In bear markets, many investors lose sight of the fact that stocks have an inherent long-term upward bias. This upward bias is anchored in a number of factors, including:
 

  • Innovation
  • Money supply growth
  • Population growth
  • Fiscal and monetary policies that trend toward expansion
  • Productivity gains

Trends and themes such as globalization, technological advances in information and communication, and pressure on corporate management from value-based activist investors also contribute to this upward bias.

However, a long-term uptrend is not a straight line. Driven by economic cycles and investor psychology, bull and bear markets pull valuation levels above and below their long-term P/E average of 15 times earnings.



Obviously, average times are not every time - hence we have  the euphoria of bull markets and the depression of bear markets. With the S&P 500 at 1282 and projected operating earnings for 2008 running around $82, the current P/E sits right around its long-term average rate of 15 times.

But are these average times? And more importantly, what are the economic times likely to be in 2009 and the coming years?

Perhaps investors will find the following simple table helpful. It provides a range of economic scenarios matched up with their appropriate P/E ratios set to projected operating earnings for the S&P 500, along with the resulting projected return on the S&P 500 from current levels.


Click to enlarge

A useful, basic definition of each of the economic times and their P/Es is as follows:
 

  • Great times: Low inflation, low interest rates, very low VIX, strong profit growth, high-quality earnings.

  • Good times: Low inflation, low interest rates, low VIX, strong profit growth, high-quality earnings.

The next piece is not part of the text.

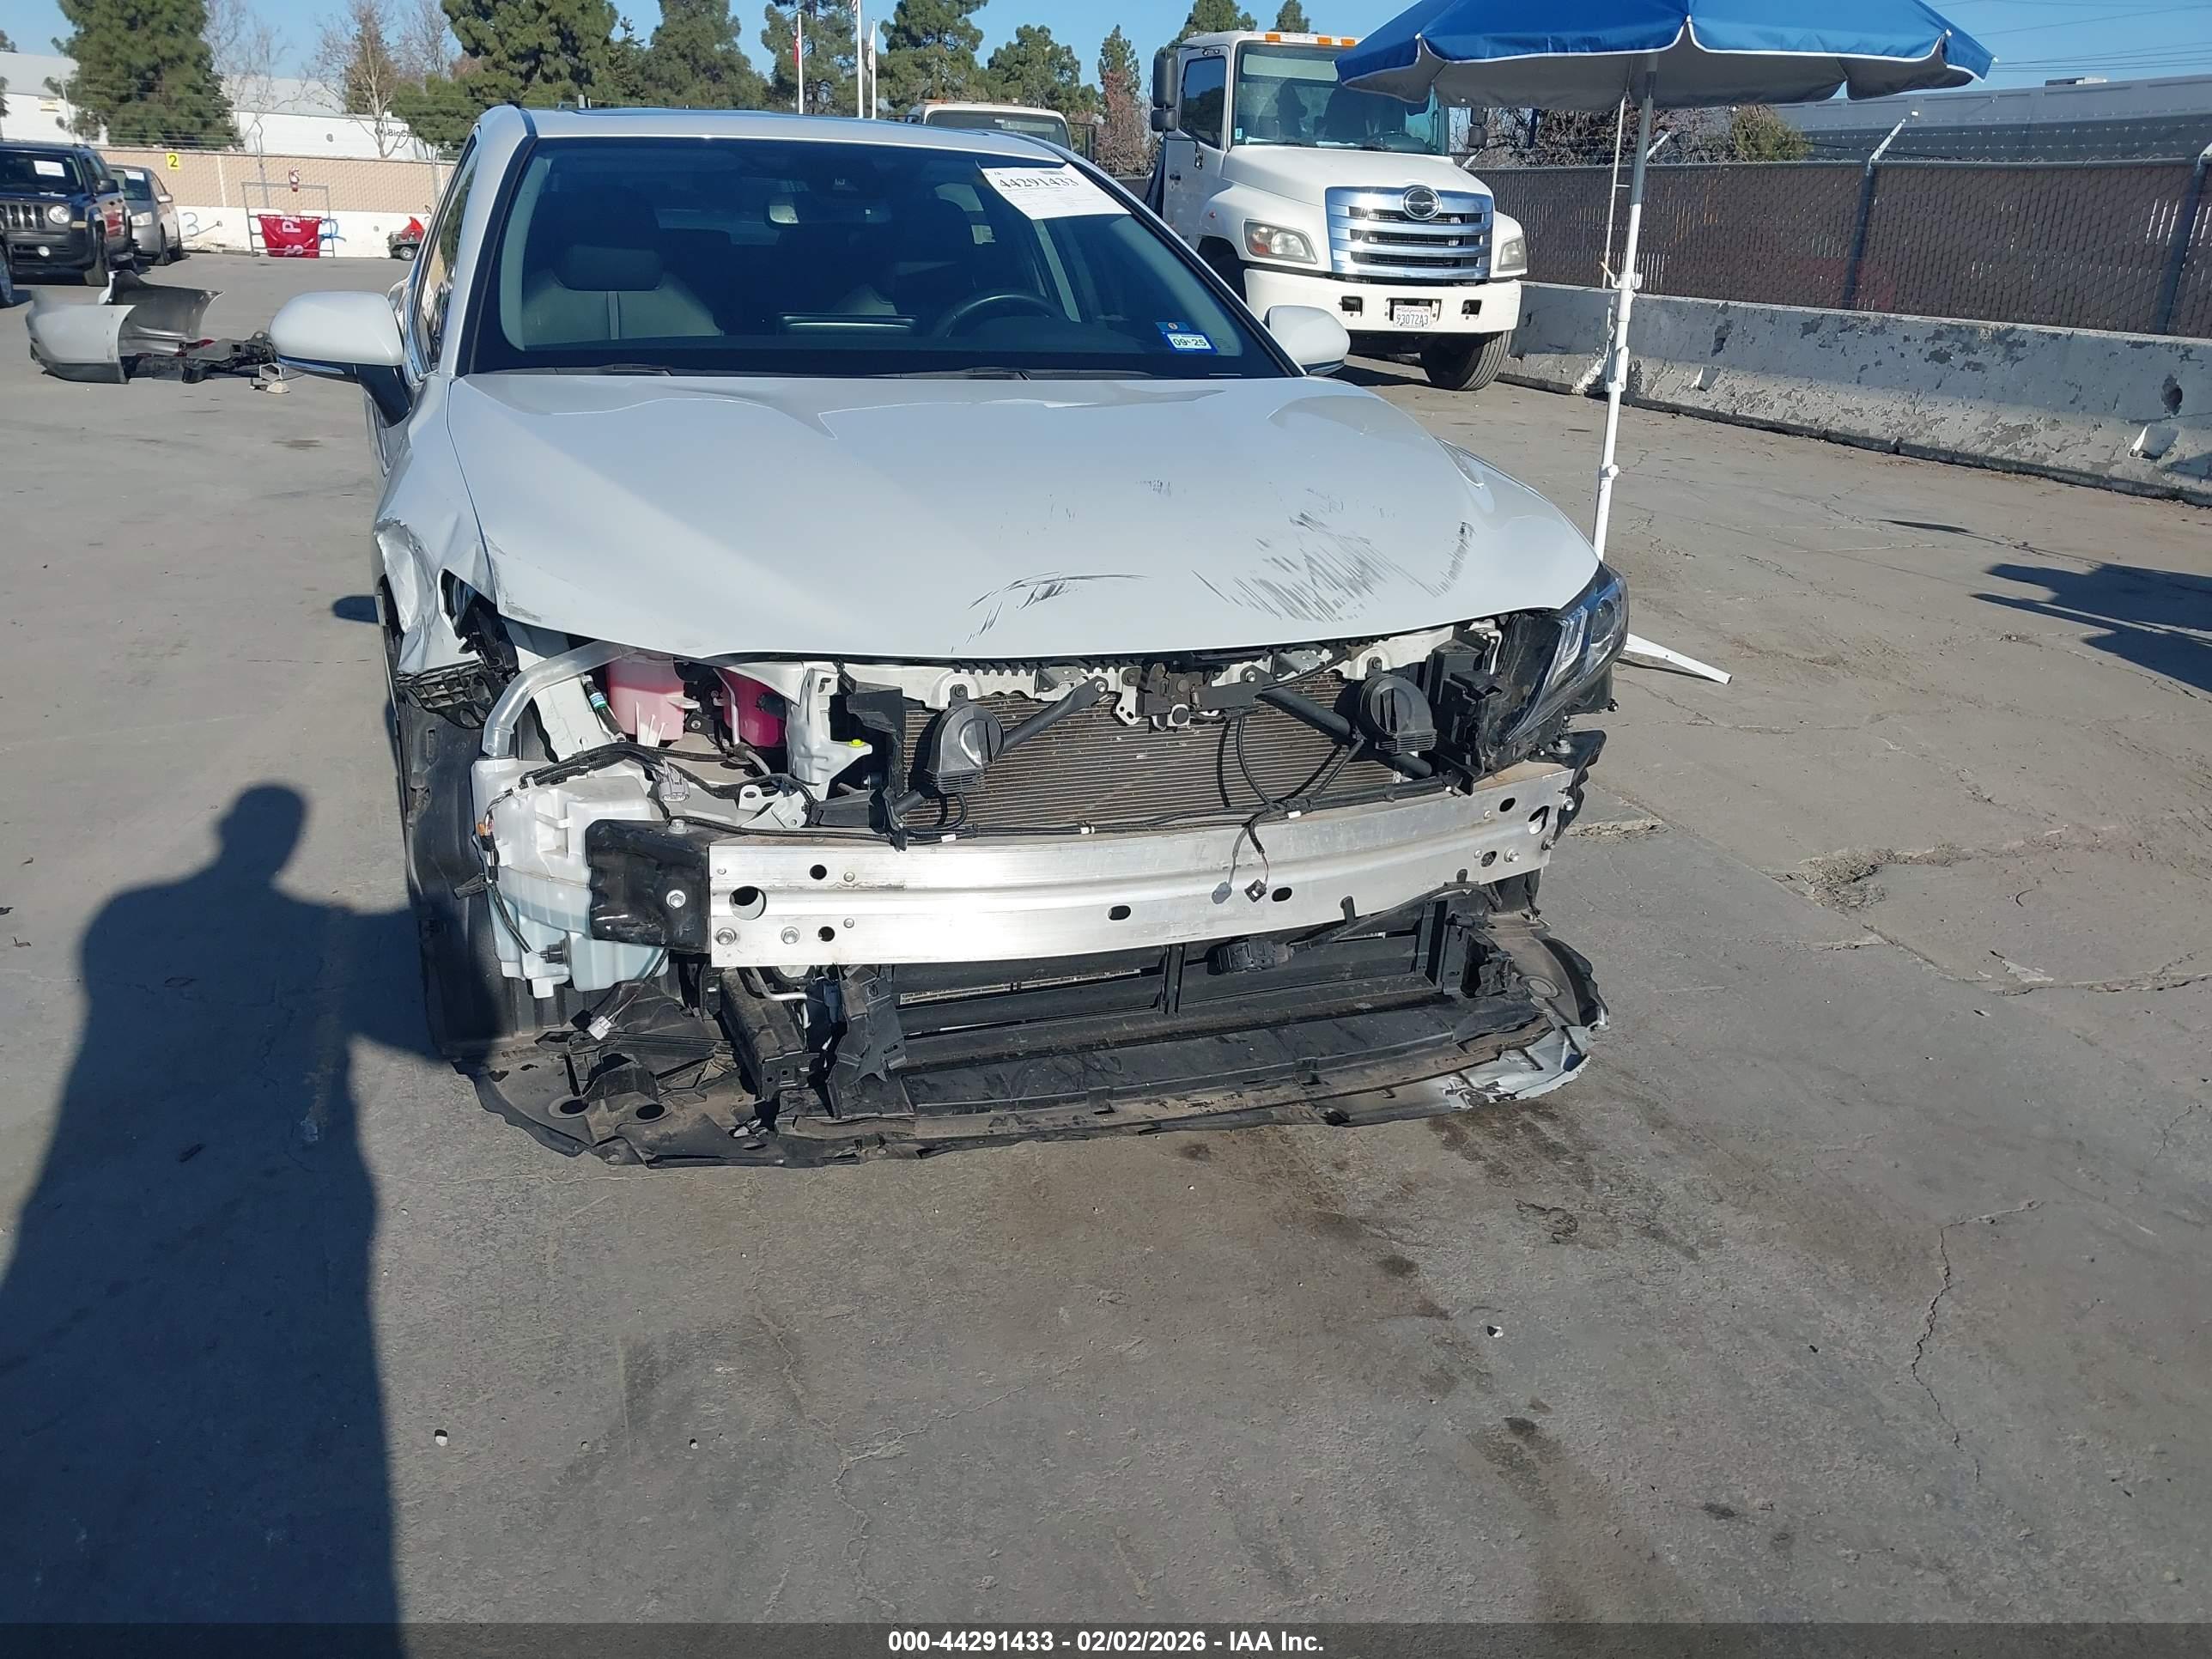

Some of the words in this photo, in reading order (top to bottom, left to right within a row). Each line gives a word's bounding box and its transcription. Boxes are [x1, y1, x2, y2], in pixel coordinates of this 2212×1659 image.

[168, 155, 179, 167] 2
[1000, 178, 1079, 188] 44291433
[1395, 313, 1429, 325] 93072A3

  • Average times: Moderately low inflation, interest rates and VIX, good profit growth and quality of earnings.

  • Bad times (Stagflation lite): Moderately rising inflation, interest rates and VIX, negative profit growth and quality of earnings.

  • Terrible times (Stagflation): Rising inflation, interest rates and VIX, negative profit growth and quality of earnings.

Investment Strategy Implications

Based on one’s expectations of earnings, interest rates, inflation, other real economy matters, and investor psychology (after all, investing is a mind game), the scenarios and data listed above provide a useful template for investment planning.

For example, one such outcome that has gained a considerable amount of traction of late -- “stagflation lite” -- shows stocks still have a ways to go to the downside, even if the S&P 500 operating earnings remain unchanged over the next 12 months ($82).

So, while the long-term bias for stocks is up, knowing what part of that long-term cycle one is in is a necessary for active investors.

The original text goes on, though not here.